Quotient Algebra Partition and Cartan Decomposition for su(N) IV

TL;DR

This paper introduces new partition methods for su(N) Lie algebras using bi-subalgebras, revealing a duality between partitions and enabling diverse Cartan decompositions, applicable to classical and exceptional Lie algebras.

Contribution

It presents novel partition techniques based on nonabelian bi-subalgebras, establishing a duality and universal applicability for Cartan decompositions across Lie algebras.

Findings

Duality between two types of partitions identified

Procedures for merging or detaching co-quotient algebras developed

Universal applicability to classical and exceptional Lie algebras demonstrated

Abstract

Else from the quotient algebra partition considered in the preceding episodes, two kinds of partitions on unitary Lie algebras are created by nonabelian bi-subalgebras. It is of interest that there exists a partition duality between the two kinds of partitions.
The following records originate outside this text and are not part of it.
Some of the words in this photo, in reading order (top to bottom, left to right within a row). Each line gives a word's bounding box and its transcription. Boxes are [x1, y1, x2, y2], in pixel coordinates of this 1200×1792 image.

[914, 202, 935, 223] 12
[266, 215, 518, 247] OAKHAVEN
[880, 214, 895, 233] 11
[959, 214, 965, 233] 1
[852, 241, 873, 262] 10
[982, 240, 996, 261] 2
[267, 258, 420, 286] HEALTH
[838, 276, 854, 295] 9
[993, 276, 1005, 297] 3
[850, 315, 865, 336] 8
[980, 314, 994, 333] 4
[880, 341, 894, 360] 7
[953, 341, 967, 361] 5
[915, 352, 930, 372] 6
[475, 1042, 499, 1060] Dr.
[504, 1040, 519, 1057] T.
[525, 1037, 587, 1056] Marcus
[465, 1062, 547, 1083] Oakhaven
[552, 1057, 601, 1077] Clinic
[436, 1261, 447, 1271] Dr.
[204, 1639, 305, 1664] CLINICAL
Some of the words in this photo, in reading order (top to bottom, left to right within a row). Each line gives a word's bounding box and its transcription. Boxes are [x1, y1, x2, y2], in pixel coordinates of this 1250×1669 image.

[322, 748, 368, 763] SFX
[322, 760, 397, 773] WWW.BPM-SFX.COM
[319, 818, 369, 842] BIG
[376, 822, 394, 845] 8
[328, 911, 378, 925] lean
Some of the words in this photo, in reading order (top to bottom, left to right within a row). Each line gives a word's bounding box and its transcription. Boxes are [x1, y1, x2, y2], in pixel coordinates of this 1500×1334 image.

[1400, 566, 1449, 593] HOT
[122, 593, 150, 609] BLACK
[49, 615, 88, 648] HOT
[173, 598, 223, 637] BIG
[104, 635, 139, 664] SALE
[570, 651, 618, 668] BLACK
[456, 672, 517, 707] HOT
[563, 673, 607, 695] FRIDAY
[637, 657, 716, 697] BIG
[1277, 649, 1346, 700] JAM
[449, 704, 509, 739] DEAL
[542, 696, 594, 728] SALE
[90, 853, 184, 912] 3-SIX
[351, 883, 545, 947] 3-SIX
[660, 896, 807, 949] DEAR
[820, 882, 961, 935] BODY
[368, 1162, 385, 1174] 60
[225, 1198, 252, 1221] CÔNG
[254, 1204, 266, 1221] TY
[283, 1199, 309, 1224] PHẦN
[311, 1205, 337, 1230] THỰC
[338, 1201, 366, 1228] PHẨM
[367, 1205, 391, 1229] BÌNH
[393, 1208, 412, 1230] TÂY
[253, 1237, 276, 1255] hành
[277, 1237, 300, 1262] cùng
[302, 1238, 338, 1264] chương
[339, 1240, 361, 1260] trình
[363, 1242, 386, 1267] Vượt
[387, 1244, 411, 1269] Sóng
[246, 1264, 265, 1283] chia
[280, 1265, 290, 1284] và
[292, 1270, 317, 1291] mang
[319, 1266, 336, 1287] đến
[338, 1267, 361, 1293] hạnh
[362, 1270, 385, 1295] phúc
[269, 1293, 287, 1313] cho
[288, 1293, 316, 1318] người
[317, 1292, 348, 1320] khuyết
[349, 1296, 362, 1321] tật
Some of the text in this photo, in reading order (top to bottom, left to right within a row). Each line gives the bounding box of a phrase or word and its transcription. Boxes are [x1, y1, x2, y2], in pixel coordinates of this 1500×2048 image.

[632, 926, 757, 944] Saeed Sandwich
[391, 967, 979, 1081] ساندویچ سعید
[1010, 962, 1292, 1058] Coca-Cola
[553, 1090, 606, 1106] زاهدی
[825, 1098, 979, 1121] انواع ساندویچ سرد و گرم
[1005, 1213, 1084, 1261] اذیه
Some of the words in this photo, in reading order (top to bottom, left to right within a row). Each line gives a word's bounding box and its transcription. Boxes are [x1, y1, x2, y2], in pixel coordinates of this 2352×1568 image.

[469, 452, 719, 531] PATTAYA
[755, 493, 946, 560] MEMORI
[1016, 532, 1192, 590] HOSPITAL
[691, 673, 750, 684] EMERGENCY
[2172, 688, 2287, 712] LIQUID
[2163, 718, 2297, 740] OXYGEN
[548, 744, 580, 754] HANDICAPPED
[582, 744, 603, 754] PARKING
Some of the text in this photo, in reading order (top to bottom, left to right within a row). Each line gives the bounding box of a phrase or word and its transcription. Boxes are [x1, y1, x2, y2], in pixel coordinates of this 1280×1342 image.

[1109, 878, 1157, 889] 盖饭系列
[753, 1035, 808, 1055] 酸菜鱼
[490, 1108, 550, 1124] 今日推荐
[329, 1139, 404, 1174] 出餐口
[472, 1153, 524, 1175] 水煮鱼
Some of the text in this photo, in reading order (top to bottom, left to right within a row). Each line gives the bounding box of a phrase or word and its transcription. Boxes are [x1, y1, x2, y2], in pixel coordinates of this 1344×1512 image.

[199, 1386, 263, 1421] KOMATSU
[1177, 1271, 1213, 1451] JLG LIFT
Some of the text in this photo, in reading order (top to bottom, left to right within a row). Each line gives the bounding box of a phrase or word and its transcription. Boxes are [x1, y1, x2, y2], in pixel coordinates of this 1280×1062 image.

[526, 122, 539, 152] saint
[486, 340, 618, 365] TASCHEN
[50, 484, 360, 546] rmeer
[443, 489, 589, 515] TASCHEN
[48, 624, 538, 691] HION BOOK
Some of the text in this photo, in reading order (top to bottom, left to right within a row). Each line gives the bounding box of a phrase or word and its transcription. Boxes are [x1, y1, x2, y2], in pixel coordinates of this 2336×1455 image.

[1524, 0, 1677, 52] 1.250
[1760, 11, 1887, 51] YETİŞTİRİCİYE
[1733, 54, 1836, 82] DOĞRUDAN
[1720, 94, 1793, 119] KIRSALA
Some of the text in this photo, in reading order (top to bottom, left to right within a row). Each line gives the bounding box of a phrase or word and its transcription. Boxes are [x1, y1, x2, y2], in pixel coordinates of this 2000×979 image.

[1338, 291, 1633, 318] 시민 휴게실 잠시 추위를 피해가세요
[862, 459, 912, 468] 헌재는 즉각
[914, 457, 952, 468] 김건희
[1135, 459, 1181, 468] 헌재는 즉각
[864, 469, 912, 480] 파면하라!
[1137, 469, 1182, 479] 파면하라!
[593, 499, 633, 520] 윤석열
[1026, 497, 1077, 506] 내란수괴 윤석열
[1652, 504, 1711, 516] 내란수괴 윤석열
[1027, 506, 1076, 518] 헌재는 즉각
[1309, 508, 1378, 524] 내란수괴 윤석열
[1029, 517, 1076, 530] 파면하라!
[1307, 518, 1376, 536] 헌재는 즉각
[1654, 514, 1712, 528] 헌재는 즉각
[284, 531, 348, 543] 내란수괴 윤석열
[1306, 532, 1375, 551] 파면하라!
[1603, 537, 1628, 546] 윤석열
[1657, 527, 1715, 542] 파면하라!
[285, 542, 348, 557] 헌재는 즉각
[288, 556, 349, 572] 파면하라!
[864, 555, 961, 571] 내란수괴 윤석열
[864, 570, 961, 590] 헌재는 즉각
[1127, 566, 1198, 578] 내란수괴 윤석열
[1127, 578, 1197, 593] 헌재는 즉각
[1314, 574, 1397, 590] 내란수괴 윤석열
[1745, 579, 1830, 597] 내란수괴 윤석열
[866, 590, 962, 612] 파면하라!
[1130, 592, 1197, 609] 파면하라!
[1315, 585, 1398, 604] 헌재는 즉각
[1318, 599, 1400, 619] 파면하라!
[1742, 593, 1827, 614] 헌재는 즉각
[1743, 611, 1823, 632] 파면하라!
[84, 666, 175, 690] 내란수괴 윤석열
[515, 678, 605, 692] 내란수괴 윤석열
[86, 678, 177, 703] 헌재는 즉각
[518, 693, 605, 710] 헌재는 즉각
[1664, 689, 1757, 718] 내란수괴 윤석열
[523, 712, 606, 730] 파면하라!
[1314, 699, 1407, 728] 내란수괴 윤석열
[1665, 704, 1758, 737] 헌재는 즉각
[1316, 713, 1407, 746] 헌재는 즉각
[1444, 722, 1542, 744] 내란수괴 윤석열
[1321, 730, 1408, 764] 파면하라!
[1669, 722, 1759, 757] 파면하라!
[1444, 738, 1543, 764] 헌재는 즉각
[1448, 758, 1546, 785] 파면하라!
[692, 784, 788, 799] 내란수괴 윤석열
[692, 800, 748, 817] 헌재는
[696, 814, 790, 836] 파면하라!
With an application of an appropriate coset rule, the two partitions return to a quotient algebra partition when the generating bi-subalgebra is abelian. Procedures are proposed to merge or detach a co-quotient algebra, which help deliver type-AIII Cartan decompositions of more varieties. In addition, every Cartan decomposition is obtainable from the quotient algebra partition of the highest rank. Of significance is the universality of the quotient algebra partition to classical and exceptional Lie algebras.